The paper says there is ample evidence that public infrastructure provides large economic benefits for business, government and households, including in land value improvements and increased access to labour markets. Despite this strong rationale, there has not been a comprehensive national approach to value capture, which seeks to tap part of the value generated by infrastructure projects to use as a funding source.
The government is keen to promote value capture, which it says when applied appropriately can lead to “more infrastructure, better integrated planning between infrastructure and land use needs, increased economic benefits beyond transport objectives, earlier delivery of infrastructure needs and fairer funding models”.
While legal and constitutional responsibility for delivering value capture lies with state and local governments, the federal government said it was considering a range of options to help other tiers of governments, including:
- enforcing standard conditions on funding of all Commonwealth projects, for example making value capture a condition of grant funding
- creating a specific funding program for projects with a value capture element, to incentivise state government action
- providing financing linked to incremental tax revenues to fill the gap between when upfront capital is needed for a project and when value capture benefits are realised. This could take the form of loans or guarantees over hypothecated tax revenue models, such as tax increment financing, which is used routinely in the US
- establishing an infrastructure investment market – governments would set out urban-level strategic plans, identifying major deficiencies and future priority needs, and private investors would then be encouraged to bring forward proposals for value capture funded projects to governments which helped address these priorities
- developing a national evidence base of infrastructure project benefits
- developing a national methodology and guidelines to ensure a nationally consistent approach, which would help to improve transparency, efficiency and accessibility
Federal minister for urban infrastructure Paul Fletcher said the government was after public and industry input on value capture, and the best mechanisms to enable it.
“Many states and territories already use value capture funding models to support major upgrades,” Mr Fletcher said.
“Similarly, developer charges are commonly used by local government authorities to help deliver utilities for new housing developments.

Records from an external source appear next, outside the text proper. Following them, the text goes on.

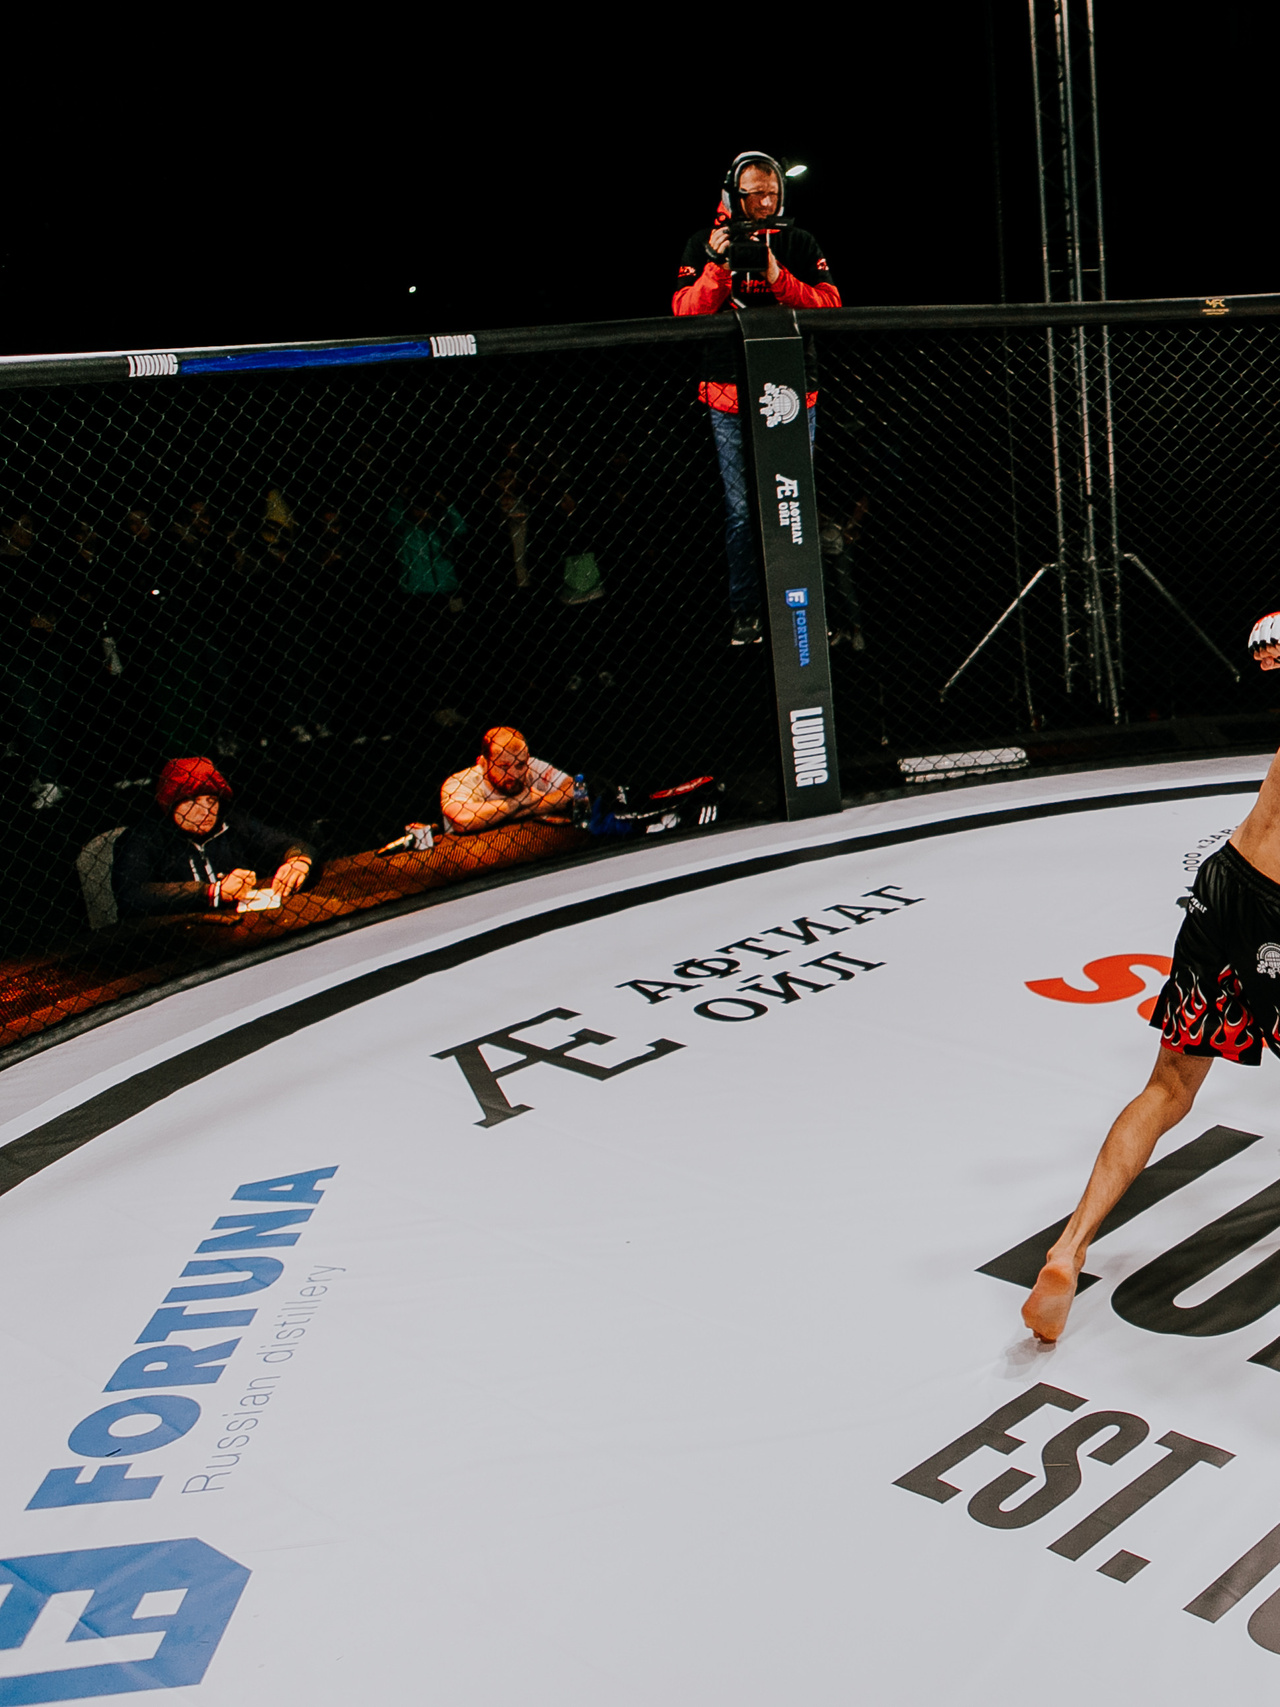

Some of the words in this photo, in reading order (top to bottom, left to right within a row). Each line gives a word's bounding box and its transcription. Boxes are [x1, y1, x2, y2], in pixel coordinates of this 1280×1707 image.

[127, 353, 178, 377] LUDING
[430, 334, 477, 358] LUDING
[796, 609, 811, 667] FORTUNA
[789, 706, 829, 788] LUDING
[614, 885, 926, 1004] АФТИАГ
[693, 951, 887, 1022] ОЙЛ
[24, 1165, 340, 1511] FORTUNA
[181, 1375, 282, 1494] Russian
[256, 1265, 346, 1364] distillery
[891, 1382, 1152, 1583] EST.

“If we are to make better use of value capture, governments must first understand why beneficiaries might be willing to pay for projects; identifying who these beneficiaries are and when they might materially gain from projects funded through this method.”

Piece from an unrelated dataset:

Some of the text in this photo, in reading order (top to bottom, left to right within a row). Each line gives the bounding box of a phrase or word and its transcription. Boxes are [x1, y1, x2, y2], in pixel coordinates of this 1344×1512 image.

The discussion paper was welcomed by industry associations Consult Australia and Property Council of Australia.
Chief executive Megan Motto said any value capture arrangement would need to achieve a “careful balance” between sharing benefits and not discouraging development.

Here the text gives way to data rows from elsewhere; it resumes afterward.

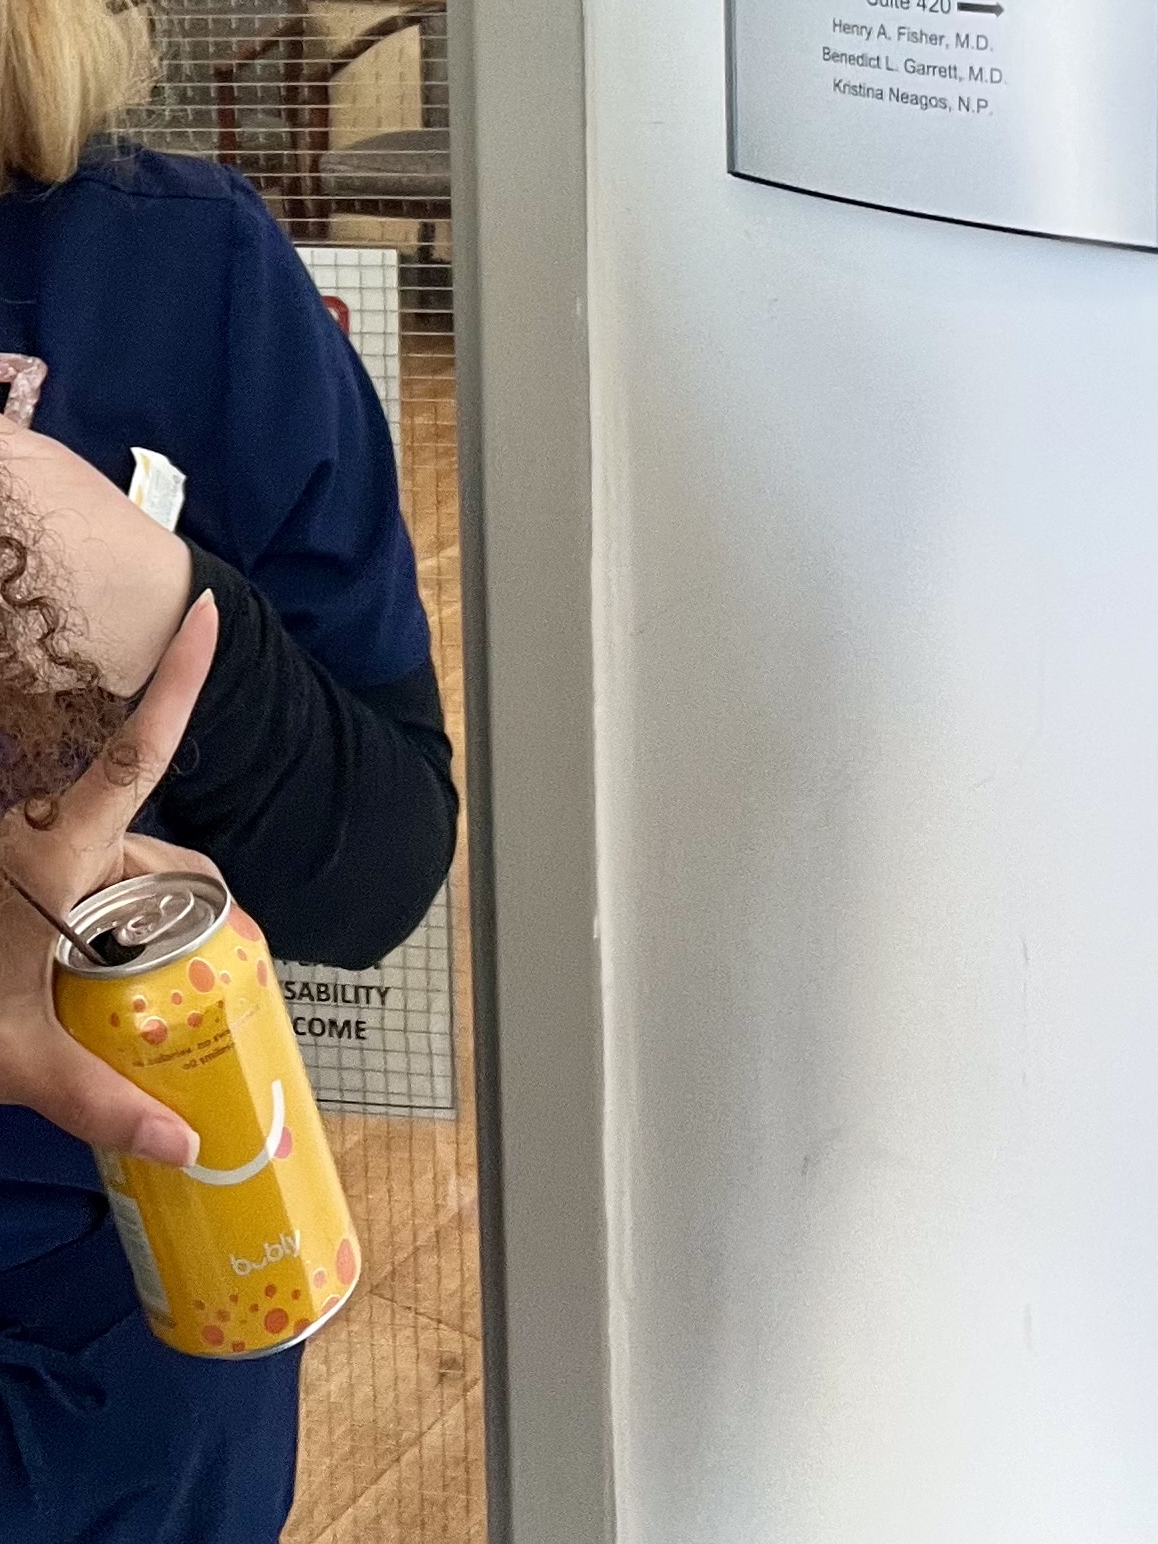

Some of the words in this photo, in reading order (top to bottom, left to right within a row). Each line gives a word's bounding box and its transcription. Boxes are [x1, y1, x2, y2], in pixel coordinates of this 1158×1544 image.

[832, 18, 873, 41] Henry
[877, 24, 891, 40] A.
[897, 26, 949, 49] Fisher,
[955, 32, 994, 52] M.D.
[822, 46, 881, 69] Benedict
[886, 56, 899, 71] L.
[904, 58, 963, 82] Garrett,
[968, 65, 1007, 85] M.D.
[832, 78, 883, 100] Kristina
[889, 87, 951, 112] Neagos,
[958, 95, 993, 116] N.P.
[284, 981, 392, 1005] SABILITY
[293, 1017, 367, 1040] COME
[229, 1229, 301, 1275] bubly

“It has become increasingly clear that the increasing demands for better infrastructure and clear limits on public funds need to be met with more sophisticated ways to consider and fund the development of our cities,” Ms Motto said.
“Value capture supports the kinds of integrated planning and project delivery that enable precinct-wide outcomes and more services provided to local communities.”
PCA chief executive Ken Morrison said everyone wanted to see more infrastructure built though warned of the potential to add more tax burden to business.
“We welcome many of the ideas in the discussion paper … but governments need to firmly rule out new taxes under the cloak of value capture,” he said.
Mr Morrison was particularly welcoming of the government’s mention of tax increment financing.
“Minister Fletcher’s willingness to consider tax increment financing is a positive step,” he said. “Tax increment financing is a tried and true policy solution used in the United States and the United Kingdom that hypothecates additional tax revenues in geographic areas to help pay for major infrastructure investments.”
Submissions can be made until 3 February 2016.